メキシコ経済省、ACE55号のブラジル向け自動車部品の原産地規則を再整理
(メキシコ、ブラジル)
調査部米州課
2025年04月02日
メキシコ経済省は3月26日、国家貿易情報システム(SNICE)で公文書(Oficio No.516.2025.0970)を公示し、ラテンアメリカ統合連合(ALADI)経済補完協定55号(ACE55号)付属書II(通称「メキシコ-ブラジル自動車協定」)の自動車部品の原産地規則の解釈を再度整理した。完成車メーカーに純正部品として供給する目的で輸出される自動車部品の原産性の判断を厳格化した2024年9月9日付公文書(2024年9月12日記事参照)の効果を取り消し、協定を用いて相手国に輸出する自動車の組み立てに用いられる部品に限り、緩やかな基準で原産地証明書を発行することを明らかにした。2024年9月の公文書の内容には条文解釈の観点から矛盾があり、事業者の混乱を招いた。今回の公文書ではあらためて、次の基準を用いて自動車部品の原産性を判断し、原産地証明書を発行することとした。
- ブラジルに輸出される補修用途ではないメキシコ製純正部品であり、後にメキシコに輸出される自動車(完成車)のブラジルでの組み立てに用いられる場合に限り、第5次追加議定書の第5条の規定(ACE55号別添IIの第1パラグラフに規定された基準(注1)を用いて原産品かどうかを判断できる。
- 後にブラジルに輸出される自動車(完成車)のメキシコにおける組み立てに用いられるメキシコ製自動車部品の原産性を判断する際には、上記と同じ基準を用いることができる。
- 自動車部品として直接ブラジルに輸出される補修部品を含むメキシコ製自動車部品については、引き続き第7次追加議定書第4条に規定された域内原産割合(RVC)(注2)が40%以上という基準を用いて原産品登録を行うことができる。
ブラジルからメキシコに輸出される自動車向けの場合は原産地規則が緩やかに
上記1.~3.の判断基準のうち、2.および3.は従来から実質的な変更がない。1.については、原産地規則が大幅に簡素化されることとなる。ただし、同判断基準について、ブラジル政府当局が合意しているかどうかは不明であり、ブラジル税関による原産性の確認(検認)対象となり、その中で異なった判断基準が示された場合、原産地規則を満たしていないとして関税が追徴されるリスクは残る。

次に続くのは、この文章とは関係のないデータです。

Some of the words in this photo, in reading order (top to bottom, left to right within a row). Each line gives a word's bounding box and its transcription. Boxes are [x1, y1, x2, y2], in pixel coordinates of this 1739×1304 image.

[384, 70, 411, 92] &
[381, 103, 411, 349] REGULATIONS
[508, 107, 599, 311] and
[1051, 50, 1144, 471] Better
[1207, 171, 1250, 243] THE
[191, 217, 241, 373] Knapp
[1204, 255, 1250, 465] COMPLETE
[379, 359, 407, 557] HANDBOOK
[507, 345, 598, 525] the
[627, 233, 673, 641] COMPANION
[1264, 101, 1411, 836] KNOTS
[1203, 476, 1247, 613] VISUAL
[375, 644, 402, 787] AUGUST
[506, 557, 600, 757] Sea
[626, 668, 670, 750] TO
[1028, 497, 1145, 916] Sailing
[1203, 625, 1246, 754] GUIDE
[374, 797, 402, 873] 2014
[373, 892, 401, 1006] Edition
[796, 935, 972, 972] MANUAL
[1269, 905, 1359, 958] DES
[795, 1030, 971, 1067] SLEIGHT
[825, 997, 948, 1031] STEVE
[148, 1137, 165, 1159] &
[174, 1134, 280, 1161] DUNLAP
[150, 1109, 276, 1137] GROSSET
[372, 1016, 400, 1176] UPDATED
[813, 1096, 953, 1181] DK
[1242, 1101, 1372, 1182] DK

国立統計地理情報院(INEGI)のデータによると、2024年にブラジルからメキシコに輸入された自動車は、ステランティスの8車種(クライスラー4車種とフィアット4車種で合計2,656台)、ゼネラルモーターズ(GM)の3車種(合計2,975台)、ホンダのシティ(497台)、現代の2車種(合計363台)、プジョーのパートナー・ラピッド(202台)、ルノーの4車種(合計2,052台)、フォルクスワーゲンの4車種(合計1,847台)、合計で1万592台だ。これらの車両の組み立てに用いられる自動車部品をメキシコから輸出する場合、経済省は緩やかな基準の下で原産判定を行い、原産地証明書を発行することとなる。

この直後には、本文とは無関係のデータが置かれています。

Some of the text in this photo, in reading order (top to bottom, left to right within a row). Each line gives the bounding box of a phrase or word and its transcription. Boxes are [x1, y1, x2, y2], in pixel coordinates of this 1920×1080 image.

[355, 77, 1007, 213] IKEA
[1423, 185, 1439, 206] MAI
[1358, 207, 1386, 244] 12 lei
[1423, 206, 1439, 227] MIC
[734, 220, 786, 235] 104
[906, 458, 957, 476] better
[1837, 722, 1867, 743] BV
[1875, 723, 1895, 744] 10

(注1)メキシコ-ブラジル自動車協定の第5次追加議定書の第5条は、完成車製造に用いる自動車部品を原産部品と判断する基準としては、協定別IIの第5条第1パラグラフの規定を用いるとしている。つまり、製品とそれを生産するために用いる非原産材料の間に4桁レベルの関税分類変更があること(CTH)、あるいは、製品の生産に用いる非原産材料の価格が製品価格の50%以下(控除方式のRVCで50%以上)のいずれかで原産品となる。
(注2)第7次追加議定書の第4条が定めるRVCは、積み上げ方式のRVCで、製品の価格に占める原産材料の価格で計算する。「材料」の価格しか計上できず、非材料費(労務費や製造経費など)がRVCに含まれないため、非常に厳しいルールだ。